2 October 2012

Nigeria Can Eradicate Polio, Says Gates Foundation

DR. Christopher Elias is an optimist. If anyone has convinction that polio will be eradicated from Nigeria in the not-too distant future, it is he. His optimisim is not just because he is President of Global Development at the Bill & Melinda Gates Foundation, but more because he knows exactly what it would take to end the reign of polio in Nigeria.

An expert in health and medicine, Elias knows the disease, polio, as much as he knows the country, Nigeria. "Polio is highly preventable and Nigeria has what it takes to eradicate it," he declared in an interview with Vanguard.

Speaking from New York, Wednesday last week just before the historic "High Level" meeting hosted by the United Nations Secretary-General, Ban Ki-moon to engage a global movement in support of polio eradication, Elias declared that one of the reasons polio would be soon eradicated form Nigeria was because the country was benefitting from what he described as a strong political commitment.

"If you take a look at the map of polio cases this year, you have to be an optimist because the map looks better than before.
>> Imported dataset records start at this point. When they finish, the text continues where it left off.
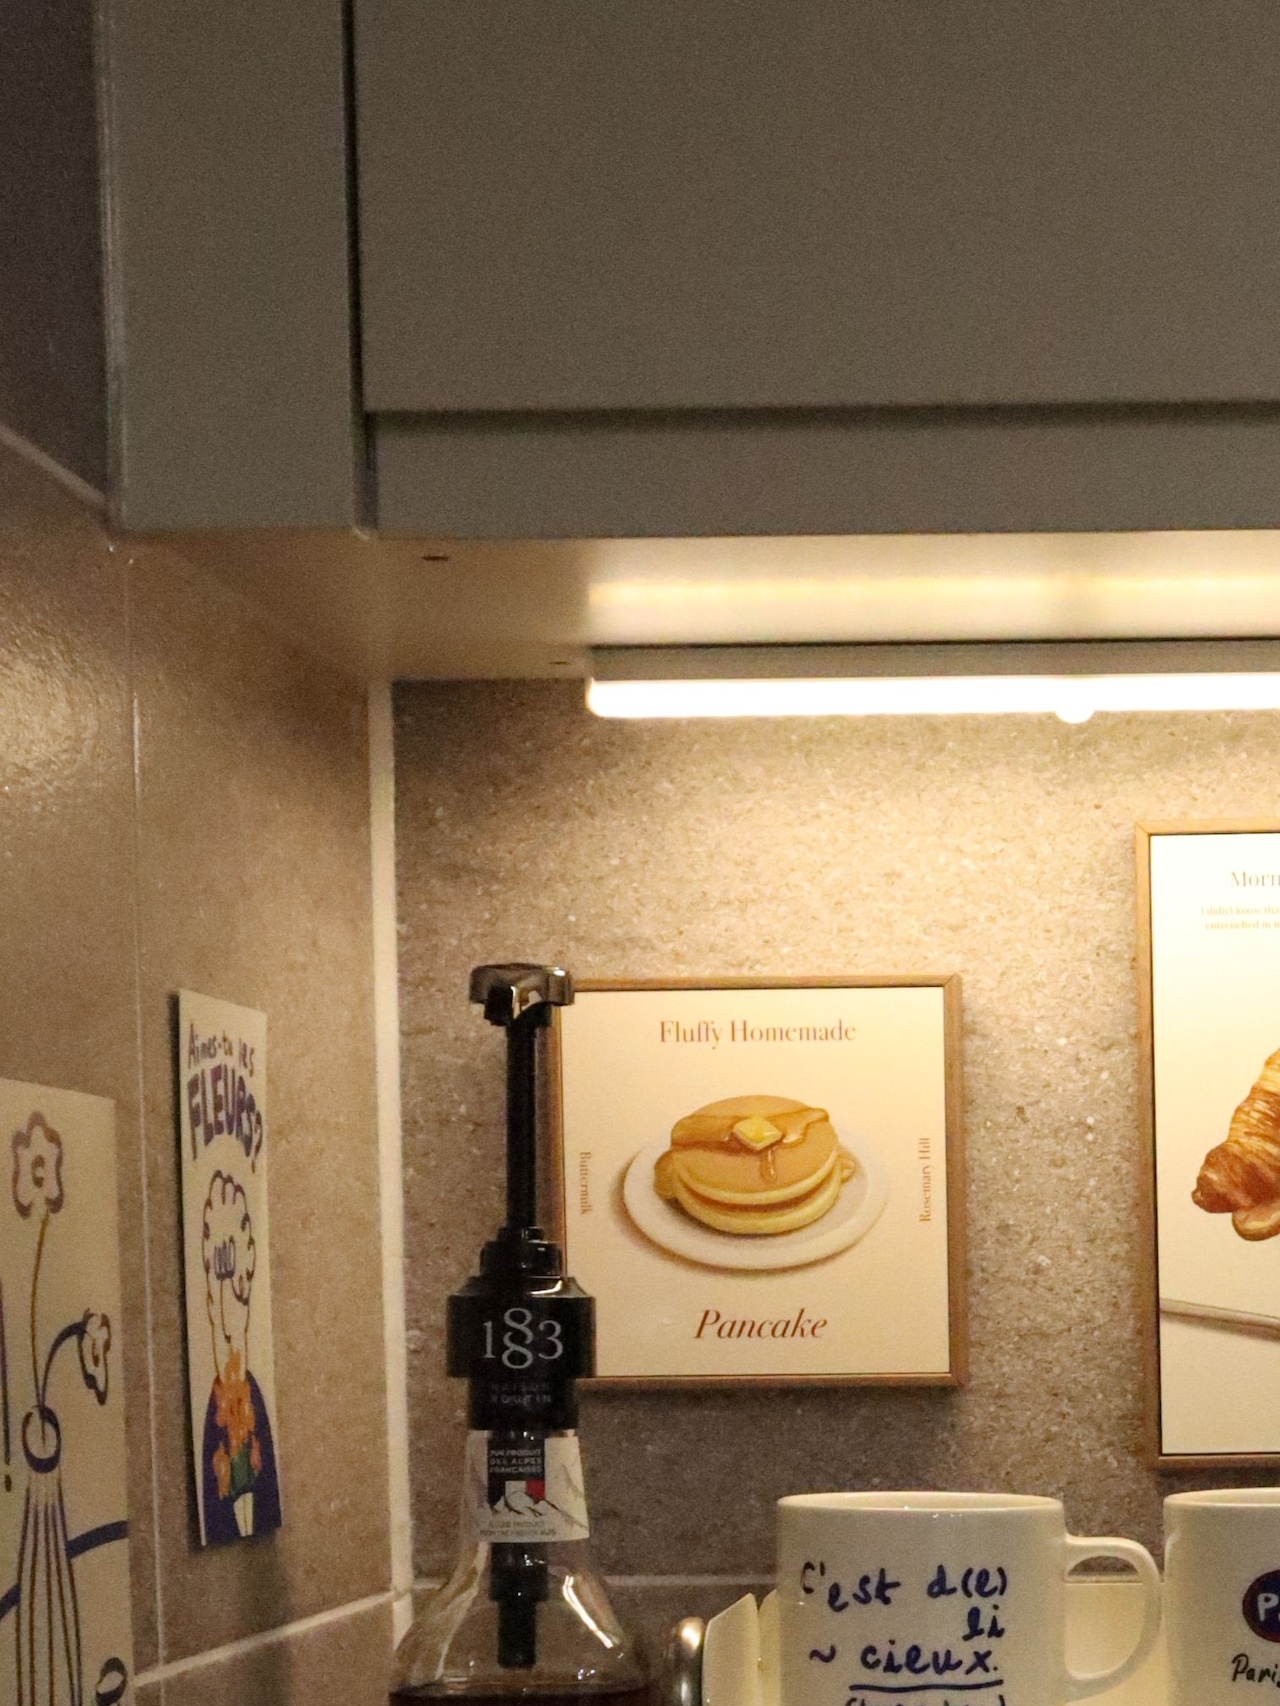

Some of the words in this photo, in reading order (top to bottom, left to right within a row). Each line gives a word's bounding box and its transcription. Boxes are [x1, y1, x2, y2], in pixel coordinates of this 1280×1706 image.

[1205, 919, 1259, 930] entrenched
[1261, 919, 1272, 929] in
[1235, 905, 1261, 915] know
[659, 1020, 722, 1049] Fluffy
[730, 1018, 857, 1043] Homemade
[918, 1136, 931, 1160] Hill
[579, 1151, 593, 1215] Buttermilk
[918, 1165, 935, 1223] Rosemary
[693, 1308, 828, 1340] Pancake
[800, 1561, 902, 1612] C'est
[926, 1563, 1008, 1599] d(e)
We see cases really only in the three countries that have not yet interrupted transmission, but there are also important progresses if you look carefully."

Observing that polio is a vaccine preventable disease, he argued that if the Oral Polio Vaccine can get to the children, the disease would go away.

Significant progress

"I think we have seen significant progress in Nigeria. There is a still some way to go, because the immunisation progress is still low, particularly in the most vulnerable LGAs, but I'm optimistic that if we continue to see the strong leadership of Dr. Muhammed Ali Pate and his team, the Governors Forum and President Jonathan, we are going to achieve success in Nigeria before very long."

Weak links in the Nigerian eradication chain, he noted, include a handful of Local Government Areas where immunisation coverage rates are low and children are vulnerable.

Focus on weak spots

"So we need to be focusing on these weak spots and that is the purpose of the emergency action plan put in place by Dr. Pate and other partners. The National Primary Health Care Development Agency, NPHCDA, is up to task of the tracking to get vaccinators to immunise every child. Progress has increased in this direction. We need to keep up that work."

Expressing optimism that polio will be eradicated in Nigeria in the not too distant future, Elias said: "We have a Global polio Eradication Initiative in conjunction with the leadership of health officials in Nigeria and other countries that recently interrupted transmission of polio.

"They are developing a 5-year plan that will be presented to the World Health Organisation soon. This is a plan that we have had opportunity to have some review, and it gives me great confidence that we will be able to harness the political and financial resources necessary to eradicate polio in the near future."

Emergency of polio eradication

On the complimentary role of the high-level UN meeting to a directive of the World Health Assembly, WHA, he said the 193 member-states of the UN called for an emergency to polio eradication in the world.

"This event hosted by the UN Secretary General with Bill Gates, the Nigerian leader and other political leaders, is a sign that we are able to get the attention of many of the world's high level leaders to say this is an important job we take seriously on what the WHA has charged the global community to do and we must ensure that we get it done. It will begin the process of securing the leadership financial resources and operational competence of the world in elimination the polio," he declared.

Why polio must be eradicated

"The world has an unprecedented opportunity to finish the job. If we can make the necessary leadership accountable and harness resources to eradicate polio within the next few years, we will be saving the world US$40-50 billion over the next 25 years and eliminate what has been, for several centuries, a devastating problem.

"Right now, we are down to just 200 cases globally, but if we were to stop the eradication efforts for polio, we could be looking at 200, 000 new cases a year. We are close to the finish. What is important to recognise is that particularly in this final stage in Nigeria, we are not just eliminating polio, we are building a system to deliver vaccines for other vaccine preventable diseases that are common causes of morbidity and mortality for children.

"So the polio eradication will leave the world with a better surveillance system to understand the patterns of vaccine preventable disorders and better immunisation and case development systems.

Lessons from India's success

India's success is one of the most important successes for polio eradication. Years ago, many thought India would be the last to eradicate polio, yet India succeeded despite high number of cases, population and other problems. We have been studying the key element of the success in India and we found it has innovation.

Nigeria has benefitted from having 15 of the surveillance medical officers from India, who were in the final eradication process. They came to Nigeria and are working with the NHPCDA in transferring some of those lessons to the operational capability of the Nigerian resource.

"One complete example is that in the last few months, the Nigerian programme has restructured the vaccinator team using smaller teams that visit fewer households and also having more teams. This is a model that worked quite well towards the eradication success in India.

We are very much in support of the transfer the special lessons learned in India into the operational plans of the emergency options in Nigeria."